Здесь Брыска… обособлена от „душечки”» (Бицилли 2000а: 256 — 257).
[22] Этот фарсовый неологизм хорошо подготовлен: …опять надвигались тучи, и Кукин говорил с истерическим хохотом… (см. Катаев 1997, Шмид: 236).
[24] Данный раздел статьи основан на Шмид 1998; см. также Щеглов 2014: 499, 507, Жолковский 2010: 185 — 187; ср. также Евдокимова: 192.
[27] Литературный прецедент полного забвения прежнего партнера находим у пушкинской тезки чеховской героини:
Мой бедный Ленский! изнывая, / Не долго плакала она. / Увы! невеста молодая / Своей печали неверна. / Другой увлек ее вниманье / <…> / И вот уж с ним пред алтарем… («Евгений Онегин», 8, X).

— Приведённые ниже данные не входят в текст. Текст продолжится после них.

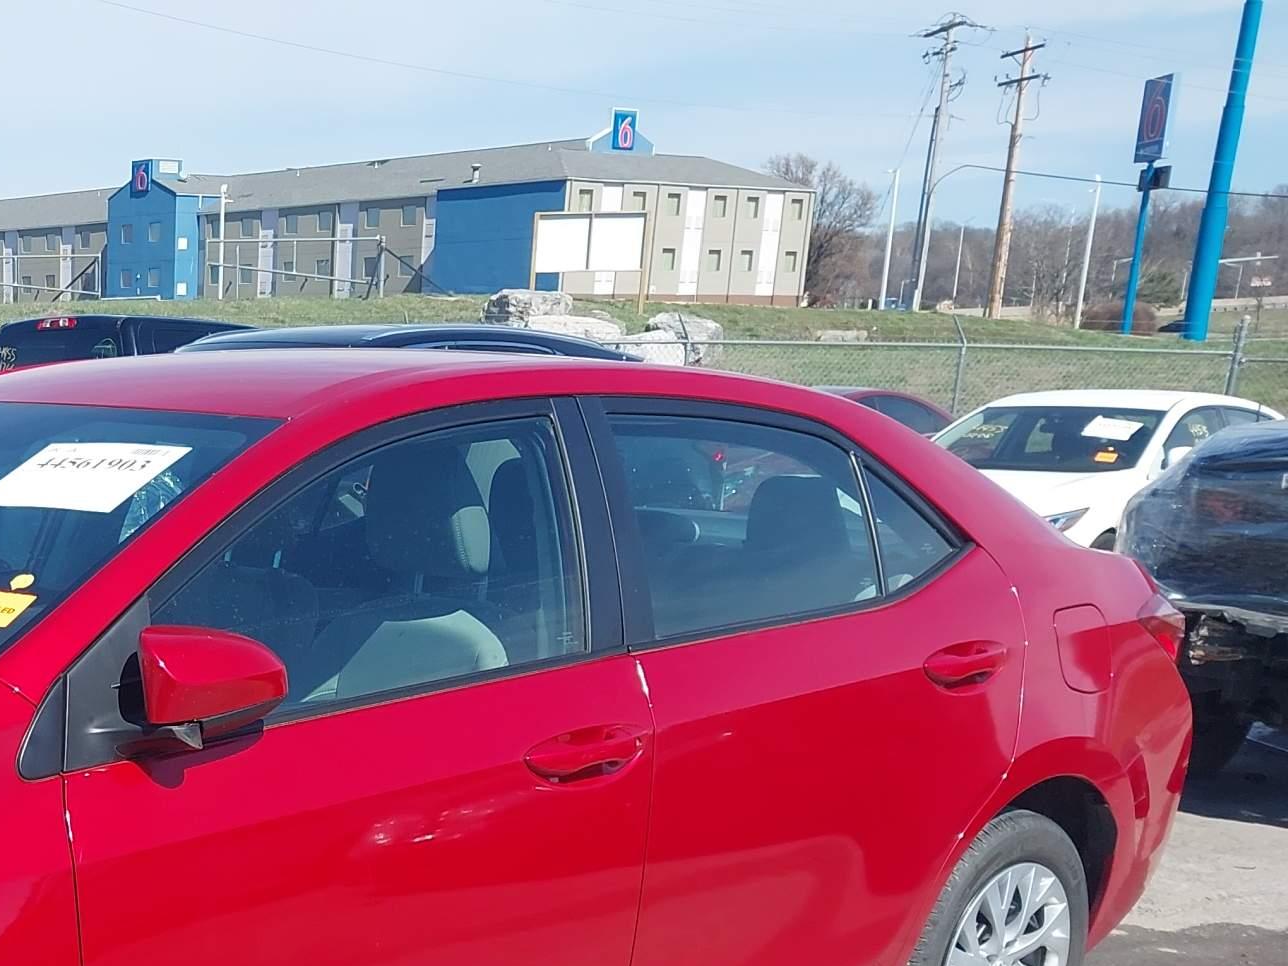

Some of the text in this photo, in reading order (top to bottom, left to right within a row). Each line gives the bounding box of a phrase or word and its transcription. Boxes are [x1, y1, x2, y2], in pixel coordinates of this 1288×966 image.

[618, 116, 633, 149] 6
[136, 163, 148, 191] 6
[37, 456, 152, 473] 44561903

[29] Более «телесной», по сравнению с альтернативной душенькой, представляется и фонетика душечки, с ее повтором шипящих: к корневому Ш добавляется суффиксальное Ч.
[30] Ср. социализирующую роль прозвищ в «Ионыче»:
«Почти зеркальная инверсия произведена во взаимном положении доктора и героини.
Начинается она с символического сдвига имен: в одном случае ласкательное домашнее прозвище заменилось формальным именованием („Уже это была Екатерина Ивановна, а не Котик”), в другом, наоборот, имя-отчество вытеснилось фамильярным прозвищем („Его зовут уже просто Ионычем”) <…> [П]розвище… определенно указыва[ет] на принадлежность его носителя к некоему коммунальному гнезду, на его бессознательное и покойное пребывание в рамках привычного миропорядка. Именно такой функциональной фигурой в городе С. раньше была Екатерина Ивановна, а теперь стал Старцев» (Щеглов 2012: 236).
[37] Чехов в сущности доводит до предела дорогое Толстому слияние личностей Левина и Кити (Он понял, что она не только близка ему, но что он теперь не знает, где кончается она и начинается он; «Анна Каренина», 5, XIV), восходящее к Библии ([Ч]еловек… прилепится к жене своей; и будут одна плоть; Быт. 2:22-24); ср. русскую пословицу: Муж и жена — одна сатана.
[38] Аналогичный местоименный оборот есть в турецком, эстонском, суахили, зулу и некоторых других «восточных» языках.
[41] Здесь на язык просится заключительный мем из фильма Михаила Сегала «Рассказы»: А о чем нам с тобой трахаться?! (см. Жолковский 2015).
[42] А в заключительном пятом эпизоде мальчик Саша ставит окончательную точку в этой местоименной драме: — Вы, тетя, идите домой, а теперь уже я сам дойду. Разделение на вы и я кладет конец всякой надежде на мы.
[43] См. Жаринов 2016; ср. в «Скучной истории»:
«Я смотрю на свою жену и... спрашиваю себя: неужели эта старая... женщина... умеющая говорить только о расходах и улыбаться только дешевизне... была когда-то той самой тоненькой Варею, которую я страстно полюбил за хороший, ясный ум... и, как Отелло Дездемону, за «состраданье» к моей науке?»
[45] Ср. более прозрачную иронию в финале «Дома с мезонином», где Лида, разрушившая любовь доверчивых героев, диктует ученику: «Вороне где-то бог послал кусочек сыру...» (кстати, басня появляется и в конце «Душечки»: — Шутка ли, вчера... задали басню наизусть, да перевод латинский, да задачу…).
[47] Толстой: 156; по иронии судьбы, в положении таких критиков оказался и сам автор этих слов — как автор и неизбежно фельетонного (в его смысле) «Послесловия».